Session discipline and A/B/C-game
You're not the same player every minute. You have an A-game (your best level), a B-game (your average level, autopilot) and a C-game (your worst level, the one that costs you buy-ins).
The goal isn't to stay in A-game permanently, that's impossible. The goal is twofold: maximize your time in A-game, and above all cut the session before C-game takes over. Knowing how to leave a good table because you're no longer fit to play is a rare and extremely profitable skill.
Your mental is in your data
This is what only LeakLab does. Your mental state leaves a measurable trace in your game: when you tilt, you play more hands, your VPIP swells, you get more aggressive without reason, your AF climbs.
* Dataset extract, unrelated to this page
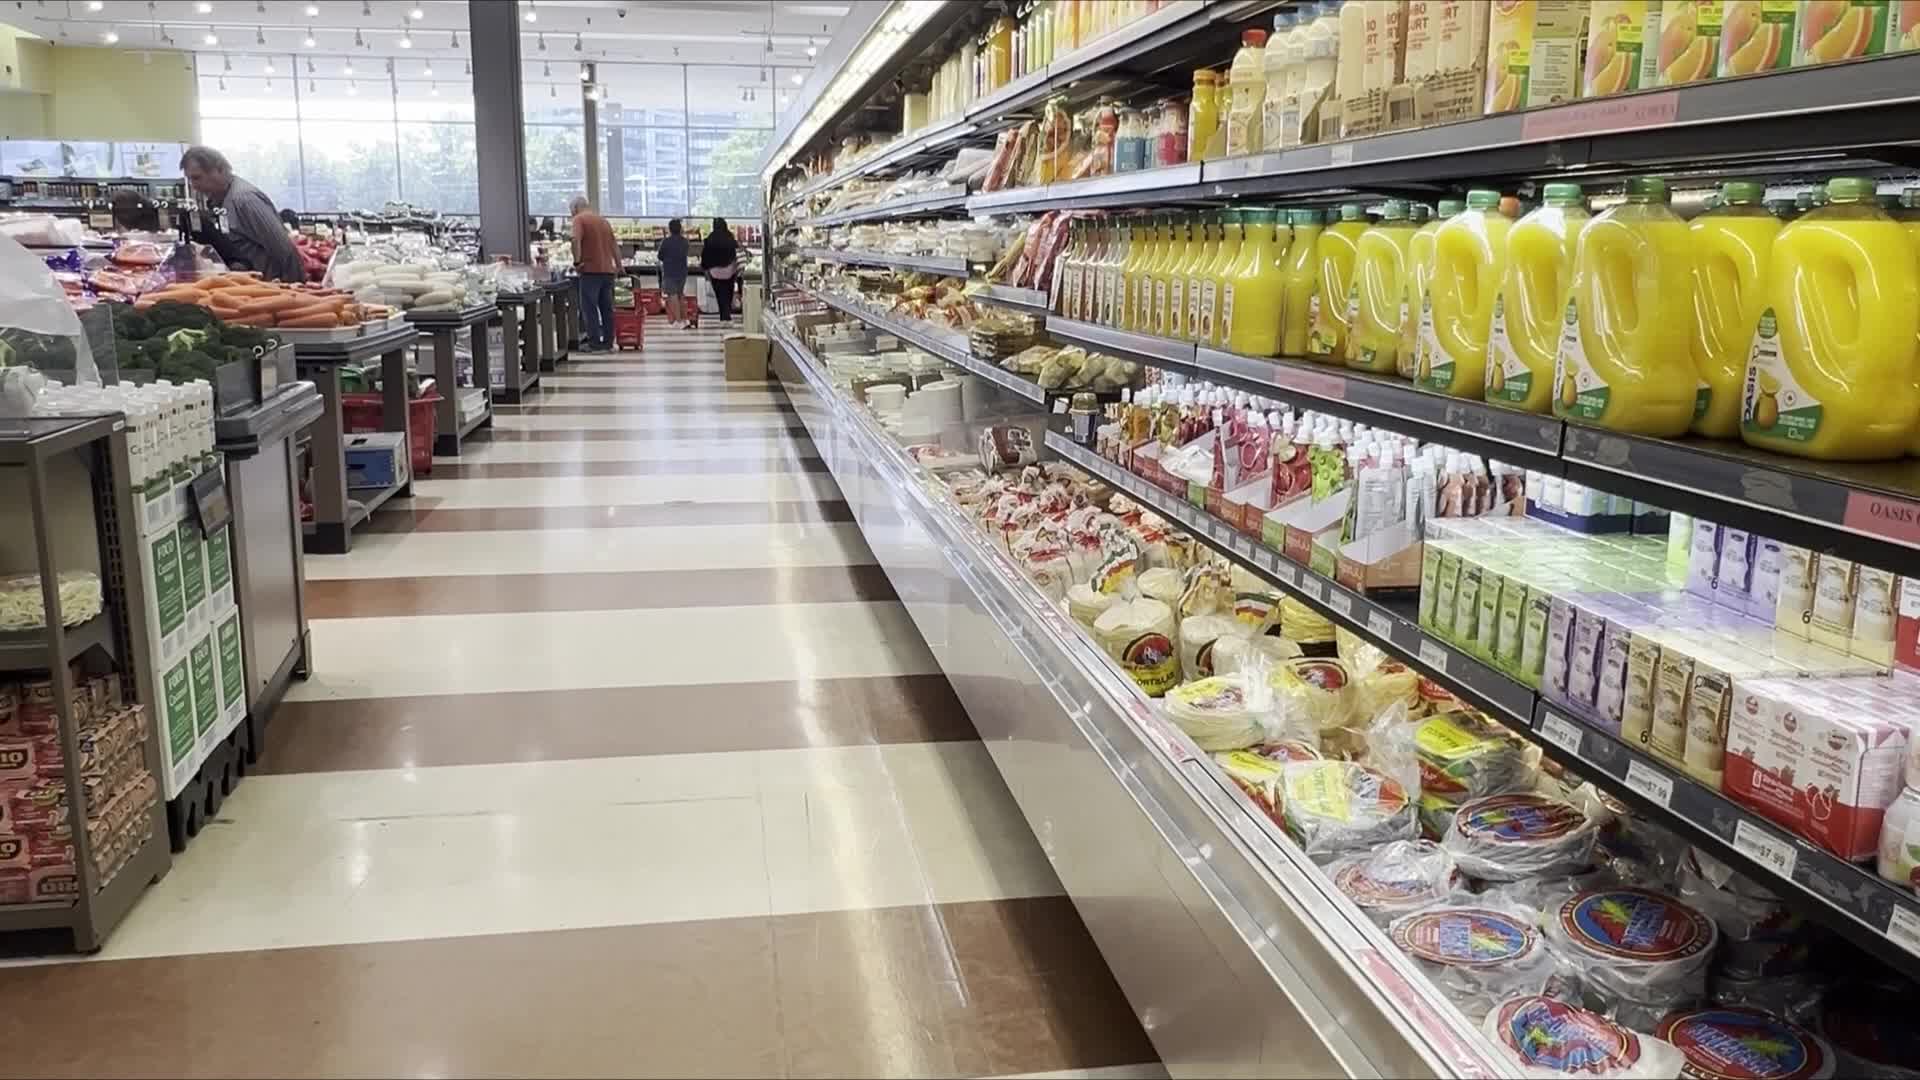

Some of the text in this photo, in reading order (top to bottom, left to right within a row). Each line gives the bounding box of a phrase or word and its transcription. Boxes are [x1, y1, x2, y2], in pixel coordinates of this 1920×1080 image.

Your memory filters: it keeps your good sessions and forgets the nights you tilted. Your cumulative data keeps everything.
LeakLab compares you on three planes at once: your game against your own history, against the population of your stake, and against the profile of the winning players at your stake. All of that without PT4 or HM3, by simple import of your hands. Result: your mindset becomes measurable instead of staying a feeling.
What's in the full course
The excerpt above lays out the principles. The full course goes much further:
- The "indifferent pot" rule and how to manage your ego when moving up or down
- The six faces of tilt and the method to identify YOUR personal signals, then your response decided cold
- Your session stop conditions to set before you sit down
- How to read your mental drift in your data, axis by axis, and the full loop import, diagnose, learn, apply, measure
- A concrete action to apply at your next session, at the end of each chapter
- A selection of the best mental resources to go deeper
The full course
Online reading, for logged-in members only.
Read the full course onlineFrequently asked questions
Does mental really matter in micros?
Yes. In micros, most losses don't come from a technical hole but from mental mistakes: tilt, scared money, results-based judgment. It's often the most profitable improvement lever even before technique.
What is tilt in poker?
Tilt is an emotional state that degrades your decisions. It can come from a loss, a specific opponent, fatigue, boredom or a good run that makes you too loose. The key isn't to never tilt, it's to spot it at its first signals.
How do I know if I'm playing too high for my bankroll?
A simple marker: if a big pot stresses you out at your usual level, often your bankroll is too thin or the money in play matters too much to you. A healthy roll makes losing a buy-in emotionally indifferent.
Do I need a mental coach to win in micros?
No for the fundamentals: mental basics can be learned and applied on your own. A mental coach or specialized resources become useful when you want to go further on emotional control.